The student uses volume, phrasing, and intonation appropriate for different situations (for example, large or small group settings, sharing oral stories, dramatic activities).
The student speaks for different purposes (for example, informing, entertaining, expressing ideas).
The student uses eye contact and appropriate gestures to enhance oral presentations.
-Book: [Rat is Dead and Ant is Sad], by Betty Baker, Harper and Row Publishers, 1981,ISBN 0-06-020346-3
-Book: [The Story of Jumping Mouse] retold by John Steptoe, William Morrow & Co., Inc. NY, 1984, ISBN 0-688-08740-X
-Drawing paper, one per student
-Crayons or markers, one set per student
-Rubric for Speaking (see extensions), one per student
-Rubric for Speaking (see extensions), one copy to be posted in classroom
-Students will need pencils when completing the Rubric for Speaking for their partner
-Floor length mirror
1. Download and make copies of the Rubric for Speaking, one per student (see extensions).
2. Gather materials.
3. Devise method for grouping students into small groups of 4 or 6. The number of students in each group needs to be an even number.
4. Devise a way to pair students within small groups.
5. If not previously done in language arts Lesson 4, [Practice Makes Perfect], arrange a time with the media specialist for students to display their artwork and speak to small groups of other second graders about their artwork on Day 14.

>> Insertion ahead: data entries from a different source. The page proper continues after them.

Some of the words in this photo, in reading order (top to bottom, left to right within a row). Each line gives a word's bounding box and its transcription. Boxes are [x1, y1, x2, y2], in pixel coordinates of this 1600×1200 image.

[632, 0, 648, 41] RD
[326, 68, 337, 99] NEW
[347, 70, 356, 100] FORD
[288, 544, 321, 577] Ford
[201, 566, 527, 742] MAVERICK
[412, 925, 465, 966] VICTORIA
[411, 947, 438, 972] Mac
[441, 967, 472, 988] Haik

6. If not previously done in Language Arts Lesson 4, [Practice Makes Perfect], inform one or more other second grade teacher(s) of the date and time of the artwork display and invite them to bring their class(es) to view the artwork. Also, explain that the purpose of the event is to provide practice in speaking to small groups. Ask the other teachers to encourage their students to ask questions.
Note: If more than one class comes to view the display, be sure to make a schedule for them to follow so the viewers will be in small groups.

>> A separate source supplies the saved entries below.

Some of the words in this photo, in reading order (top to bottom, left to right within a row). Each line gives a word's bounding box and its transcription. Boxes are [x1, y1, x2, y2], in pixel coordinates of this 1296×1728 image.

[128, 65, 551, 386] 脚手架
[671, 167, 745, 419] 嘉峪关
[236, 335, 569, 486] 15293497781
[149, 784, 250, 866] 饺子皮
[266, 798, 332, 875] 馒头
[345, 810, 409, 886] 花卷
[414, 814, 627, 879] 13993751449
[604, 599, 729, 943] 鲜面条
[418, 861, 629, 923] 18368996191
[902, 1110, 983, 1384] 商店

Note: In this lesson, effective speaking skills previously introduced on Day 2 will be reviewed and practiced. Students will later use these same skills to perform Summative Assessment 3.
1. The teacher attractively displays the two books [Rat is Dead and Ant is Sad] by Betty Baker and [The Story of Jumping Mouse] retold by John Steptoe.
Note: If these two books are not available, the teacher may substitute two other Native American tales or legends that are readily available.
2. Ask students “What do you think these books have in common? How are they alike?”
3. Take the students through a picture walk of the books. Students look at the pictures in the books and predict what they think is happening.
4. Read the two books. Discuss the main ideas, plot, and characters of each.
5. Remind students that they have been learning about effective speaking skills.
6. Review the criteria for effective speaking listed in the Rubric for Speaking (see extensions) posted in the classroom.
7. Explain that sometimes we speak to small groups and sometimes we speak to large groups. Tell students that during the next few days they will practice speaking to a small group.
8. Ask how speaking to a small group might be different from speaking to a large group.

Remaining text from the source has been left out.